PROBLEM TO SOLVE ::
For this exercise, write out every entry exactly and leave the pictures out.

DATASET ENTRIES ::
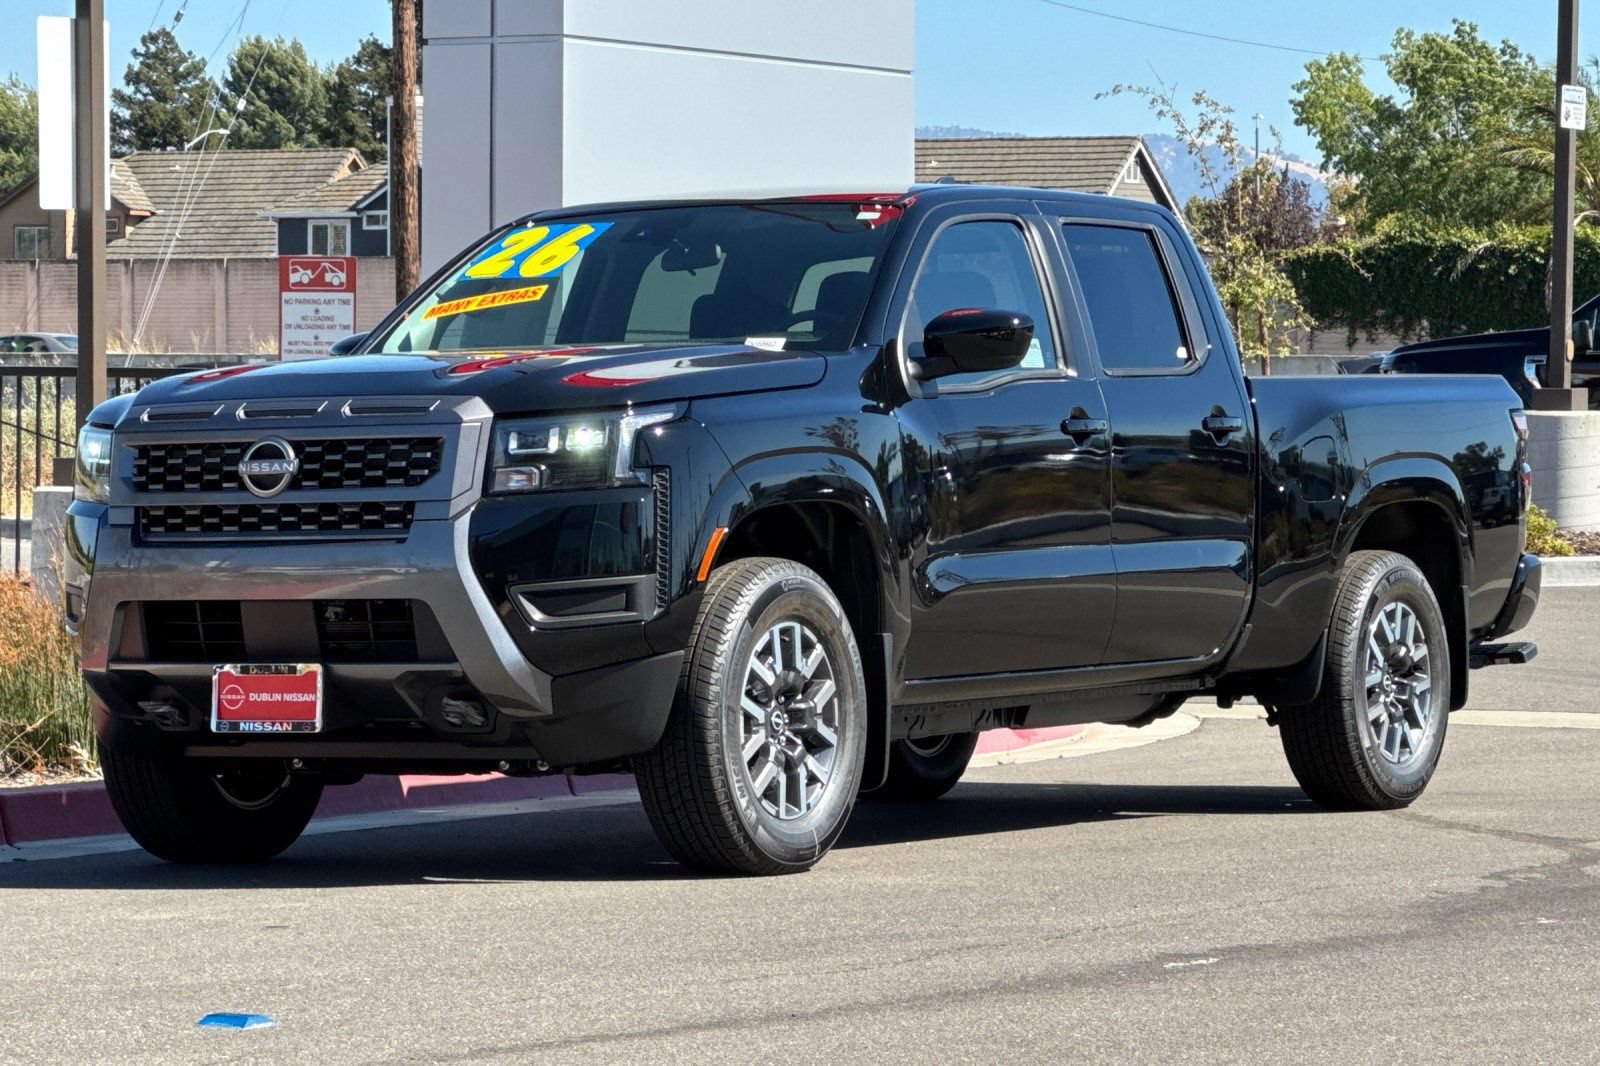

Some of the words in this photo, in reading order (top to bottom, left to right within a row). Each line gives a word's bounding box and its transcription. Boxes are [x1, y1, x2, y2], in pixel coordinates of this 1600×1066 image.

[465, 224, 596, 278] 26
[427, 301, 473, 317] MANY
[477, 287, 541, 305] EXTRAS
[239, 462, 294, 472] NISSAN
[249, 692, 282, 702] DUBLIN
[283, 692, 316, 702] NISSAN
[239, 722, 293, 731] NISSAN

OUTPUT OF THE EXERCISE ::
Some of the words in this photo, in reading order (top to bottom, left to right within a row). Each line gives a word's bounding box and its transcription. Boxes are [x1, y1, x2, y2], in pixel coordinates of this 1600×1066 image.

[465, 224, 596, 278] 26
[427, 301, 473, 317] MANY
[477, 287, 541, 305] EXTRAS
[239, 462, 294, 472] NISSAN
[249, 692, 282, 702] DUBLIN
[283, 692, 316, 702] NISSAN
[239, 722, 293, 731] NISSAN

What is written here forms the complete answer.